O início da disputa chegou a ser
adiado pelas ferrenhas disputas que aconteceram fora do tabuleiro. A Guerra Fria
esquentou também a guerra de reis, damas e peões.
Na ausência do meu amigo, dediquei-me
inteiramente aos processos; a economia do país estava sob os fluxos de bons
ventos, graças à enxurrada de dólares que os americanos mandavam para cá, e
esse fato propiciava bom movimento no meu escritório.
Guilherme voltou radiante; os ares
europeus lhe fizeram bem. Estava feliz por ter colaborado com a solução do enigma
que envolveu o mundo da Arte de Caíssa. Mas essa é uma outra história, que
poderei contar em outra oportunidade, se o meu amigo me permitir e me der
maiores detalhes, claro. Mas, enfim, teve que retornar ao seu posto, na polícia;
e o fez contrariado, à espera de uma oportunidade de se desligar
definitivamente das investigações oficiais.

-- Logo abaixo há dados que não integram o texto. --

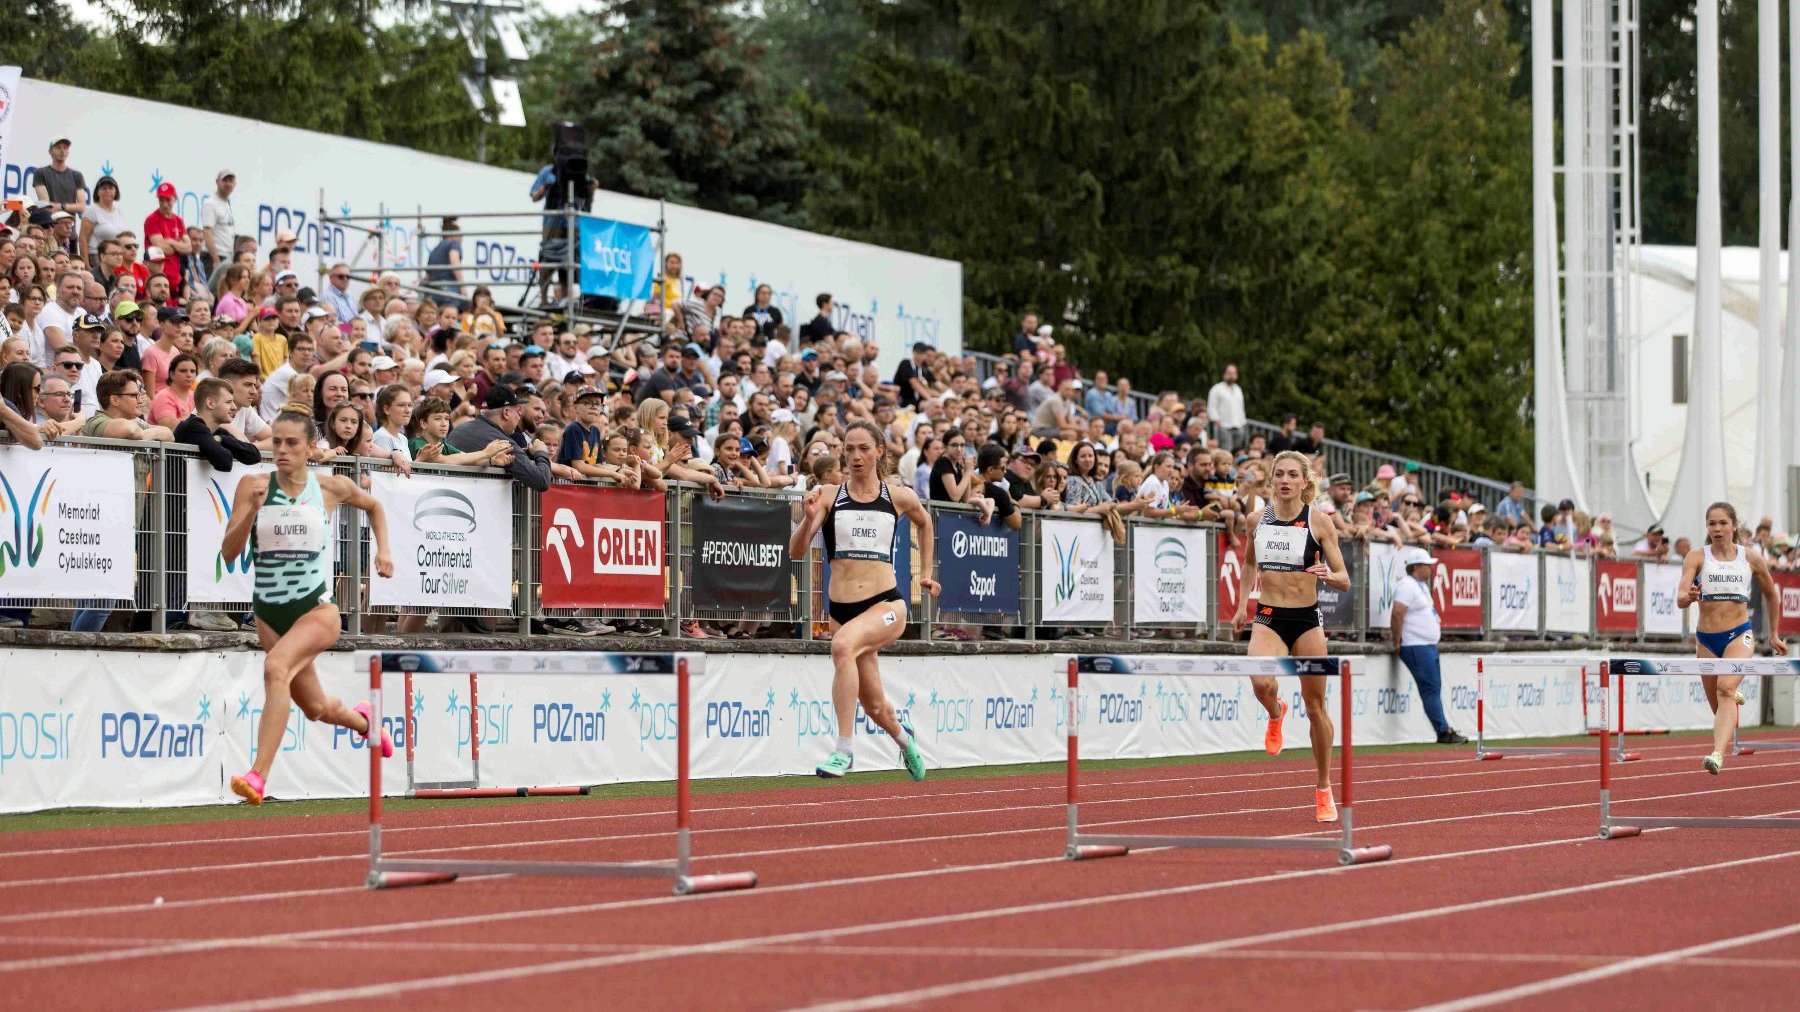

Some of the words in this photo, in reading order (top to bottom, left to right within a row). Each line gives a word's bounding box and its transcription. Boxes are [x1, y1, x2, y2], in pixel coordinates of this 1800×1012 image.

[58, 502, 101, 521] Memoriał
[58, 528, 101, 547] Czesława
[274, 524, 308, 536] OLIVIERI
[852, 527, 877, 538] DEMES
[417, 544, 473, 569] Continental
[597, 525, 657, 567] ORLEN
[702, 540, 784, 568] #PERSONALBEST
[969, 534, 1008, 558] HYUNDAI
[1265, 540, 1290, 551] JICHOVA
[58, 552, 113, 574] Cybulskiego
[420, 571, 441, 594] Tour
[441, 571, 469, 595] Silver
[969, 570, 996, 601] Szpot
[985, 696, 1034, 730] POZnan
[1100, 693, 1143, 724] POZnan
[1199, 691, 1239, 721] POZnan
[533, 702, 606, 743] POZnan
[706, 700, 770, 739] POZnan
[102, 711, 203, 758] POZnan

Passados três anos do assassinato do
Coronel, aconteceu o júri do caseiro. O tempo se encarregara de assentar os
ânimos e pouco se falava a respeito do crime
do casarão. O acusado responderia, em plenário, pelo assassinato e pelo roubo
das esmeraldas.
Depois acompanhar em liberdade o
desenrolar do processo, o réu compareceu ao Salão do Júri acompanhado do Dr.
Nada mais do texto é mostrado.